The kidnapping of hundreds of Nigerian schoolgirls from Chibok seven years ago led to the launching of a multi-million dollar plan, backed by a former UK prime minister, to bolster security at schools - but it failed to stop abductions and protect children.
The swirl of dust thrown up as a helicopter came down to land heralded a high-level visit to Chibok in March 2015.
Ngozi Okonjo-Iweala, Nigeria's finance minister at the time and now head of the World Trade Organization, was received by a waiting crowd of community leaders and parents whose daughters had been kidnapped.
She was in Chibok to lay the first bricks in a project to rehabilitate the Government Secondary School that had been destroyed by Boko Haram militants on that infamous night of 14 April 2014.
There was a short speech, then trowel in hand she scooped mortar from a pan held mid-air by two assistants and joined two bricks at a 90-degree angle.
With the job done there were a couple of handshakes and pictures, then she was gone in another haze of dust.
Mrs Okonjo-Iweala's presence there was part of an international response following the mass abduction of 276 girls by Islamist militants in Chibok in 2014.

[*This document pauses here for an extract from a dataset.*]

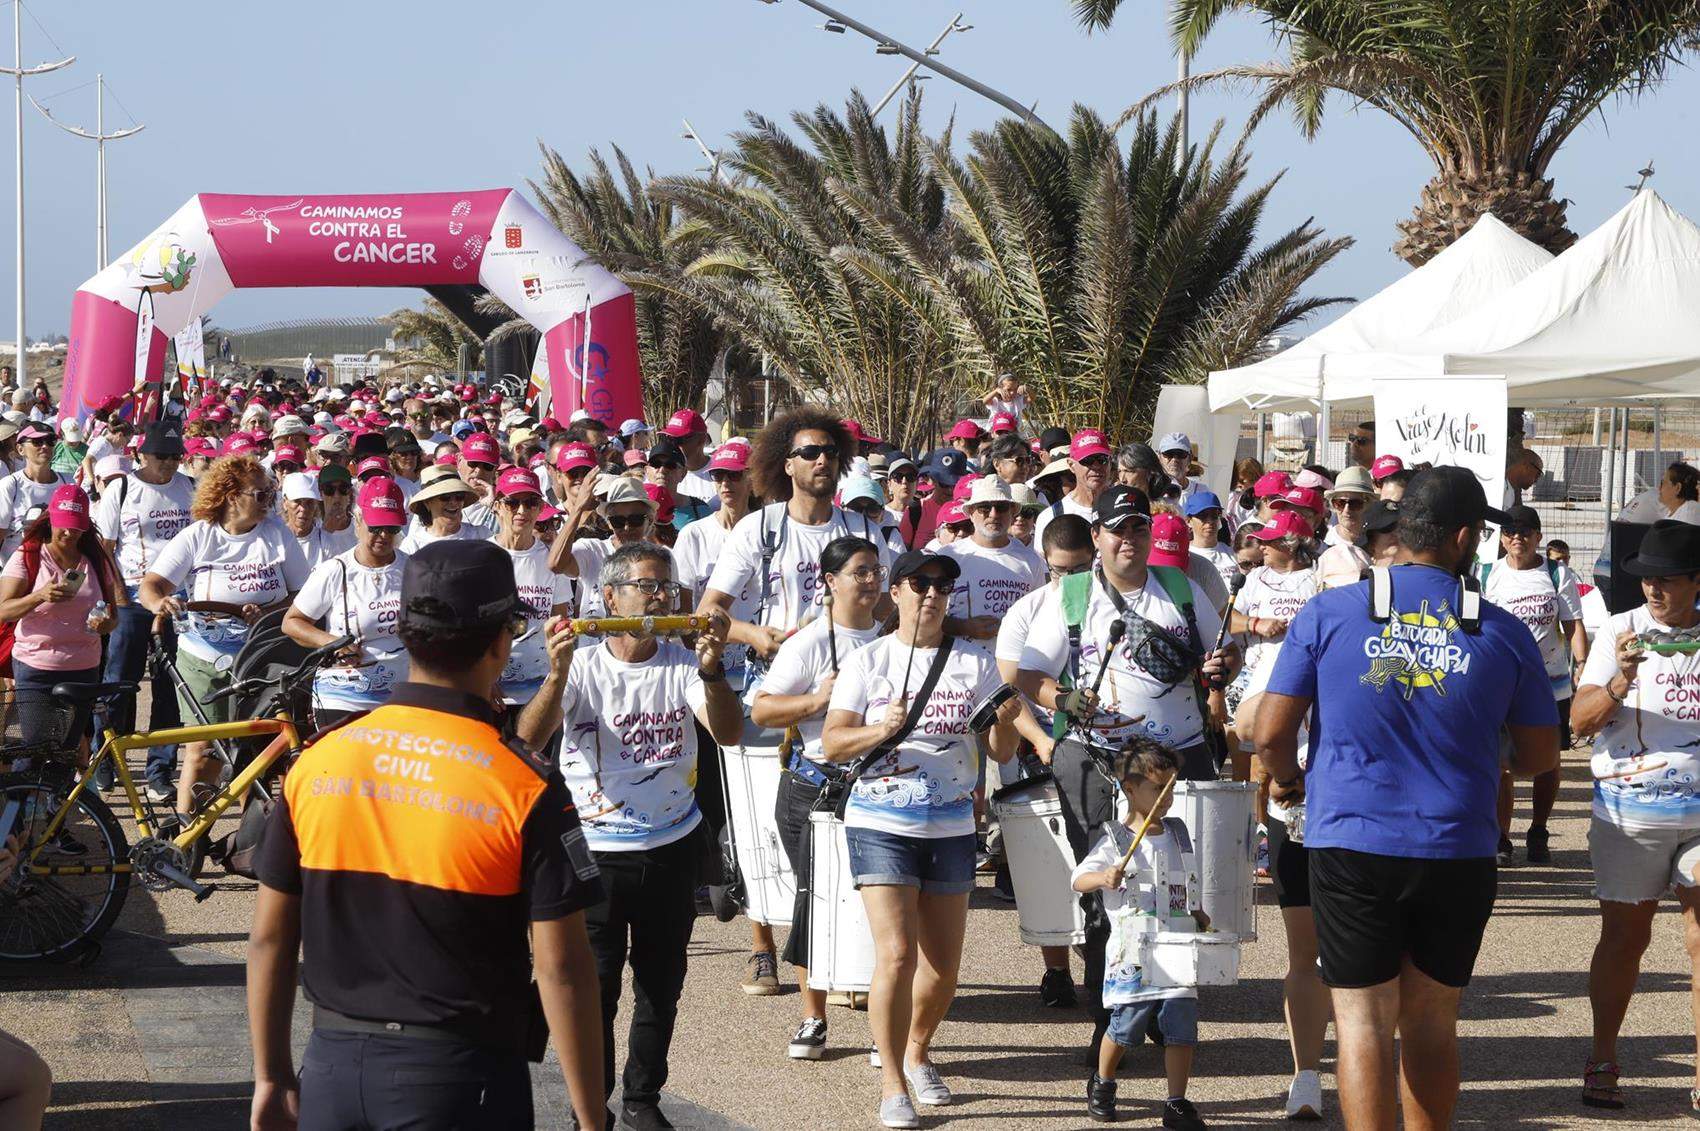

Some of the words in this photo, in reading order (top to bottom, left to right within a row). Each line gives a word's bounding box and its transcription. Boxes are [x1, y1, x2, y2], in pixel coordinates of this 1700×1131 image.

World opinion was galvanised under the hashtag #BringBackOurGirls - and the UK's former Prime Minister, Gordon Brown, spearheaded the $30m (about £22m) Safe Schools Initiative (SSI) - along with UN agencies, the Nigerian government and private business leaders.
Five-hundred schools would be protected: there would be new classrooms; there would be fences; there would be armed guards.